Upton’s CV includes stints at IGT, GTECH, OpenBet and Inspired, moving from online to land-based and back again, to NetEnt. CasinoBeats has suggested that the high standards for quality that NetEnt is renowned for could be under threat as the company increases its games output.
“I’ve been in land-based for the last three years but when I came back into online, the thing that I noticed is that the games themselves haven’t changed that much but the players have. That’s the thing that caught me off-guard because in land-based things move much more slowly so the through-put of content isn’t there,” says Upton.
“But, in online, players have reached a level of maturity so quickly. Some customers don’t want super high-gloss games and some do. ‘Quality’ can be defined by the person you’re giving something to. There are games that are doing fantastically well that don’t look that pretty. Then there are some that look absolutely magnificent but they aren’t doing great.
“For us, it means being smarter about what were doing – the kind of games were making and for whom.”
“We’ve had 45 billion transactions come through, every one has data we use and learn from“
NetEnt surveys the floor at ICE – and by extension the online casino sector – from a unique position. Upton is quick to play down suggestions regarding the company’s special status but in terms of maturity – NetEnt is in its 24th year of operation – as well as the sheer volume of games, integrations and transactions, the company has few if any peers.
Upton concurs that this vast depth of experience is of huge value in reading the market and targeting game quality as determined through the player lens. “We have had something like 45 billion transactions come through and every one has data that we use and learn from,” he says. “It is fair to say that we have more data than any single operator because we have such a huge distribution network.
“The sheer amount of data available for the games creators in the company is a big deal. We can make reasonably informed decisions,” he explains.
“The intent is that we use it and understand the ‘why’. There’s different ways to build games, different approaches. The only way to get that done is by being smart and thinking things through.”
Having that huge resource in-house is of course invaluable but there are other benchmarks against which companies are measured. And there are innovators in the sector that are making waves without two decades of data going into every game. CasinoBeats cites Big Time Gaming‘s Megaways mechanic as a recent innovation that has raised the bar.

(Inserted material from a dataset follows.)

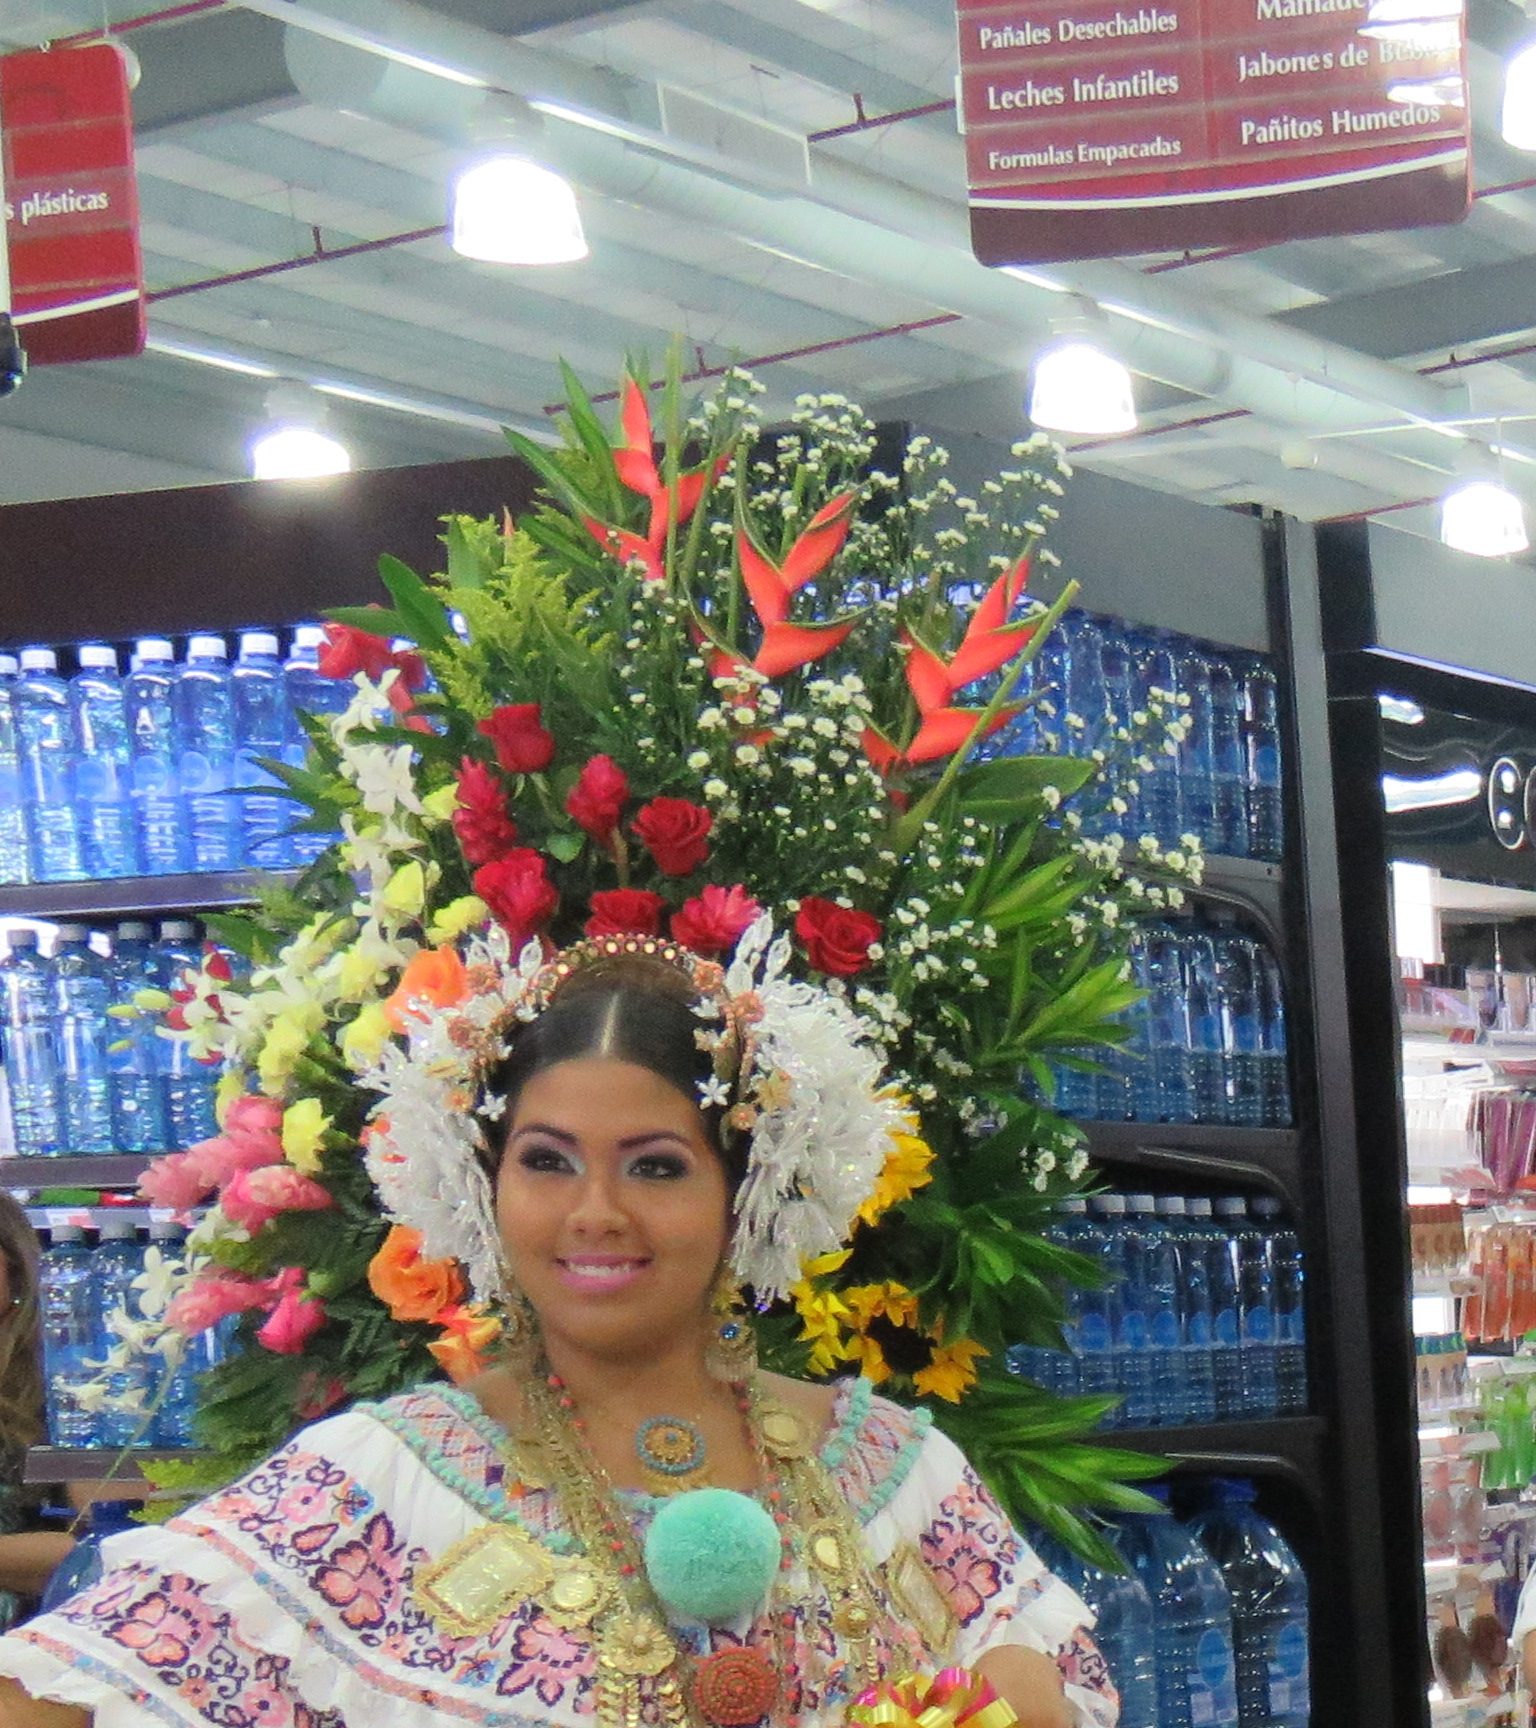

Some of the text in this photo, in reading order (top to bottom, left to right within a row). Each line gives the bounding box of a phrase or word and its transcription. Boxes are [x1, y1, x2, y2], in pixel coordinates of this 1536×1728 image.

“We are a bit of a different animal… We’ve muscles we’ve yet to flex“
“Its not the first time that something like Megaways has happened,” says Upton. “They do a fantastic job – hats off to them. They keep the rest of us on our toes and I love that we have those guys in the industry.
“But, for us, those things are just part of what we do. We’ve got games that use similar devices. If we discover something amazing then, sure, we’ll respond. But we are a bit of a different animal to BTG. We have some muscles we’ve yet to flex.”
The connection that Megaways plays on – of developers communicating their strengths directly to players – is nothing new. In fact, NetEnt’s enviable online and social footprint has arguably been the template for that type of engagement. “I don’t think we’re alone in that now,” says Upton. “A few years ago, that might’ve been the case.
“Our players are all talking to each other, on forums, etc, and its great to hear these players talking about the things we’re doing. It offers a bit of a benchmark. I don’t think there are many that don’t know who NetEnt is.”
And that brand awareness brings a degree of expectation? “Yes it is a powerful brand. But we also need to look after some of our core brands, to nurture them. Dead or Alive is an iconic slot, we will be doing a sequel. Taking care with our brands is important to us.”
The rough doubling of the number of games NetEnt is to put out annually appears to be paying early dividends, with Q4 2018 revenues up nearly 10 per cent.
Quantity versus quality – where the conversation with Upton began – is a recurrent theme, and so it returns. Accepting what he says about the perception and definition of quality, caring for those brands surely gets harder the more games NetEnt is producing? “We have increased our throughput, it’s true. Announcing Narcos and Vikings last year, and here there’s Conan, Ozzy and Scudamore’s Super Stakes.
“We’re quite open to licensed brands and we are being contacted all the time. Sometimes we say no for whatever reason and then other times it can be the brand owners that make it worthwhile. The Conan guys are fantastic to work with, for example,” he says.
“Working with brands is quite a talent in its own right. Picking them carefully is really important but also working with them is the second part of it, can you do it well? Jumanji is a great example. We took the game the film was about and really built it into the slot and that is why it has been such a great performer.
“Games like that – that have an inherent games mechanic – we love.”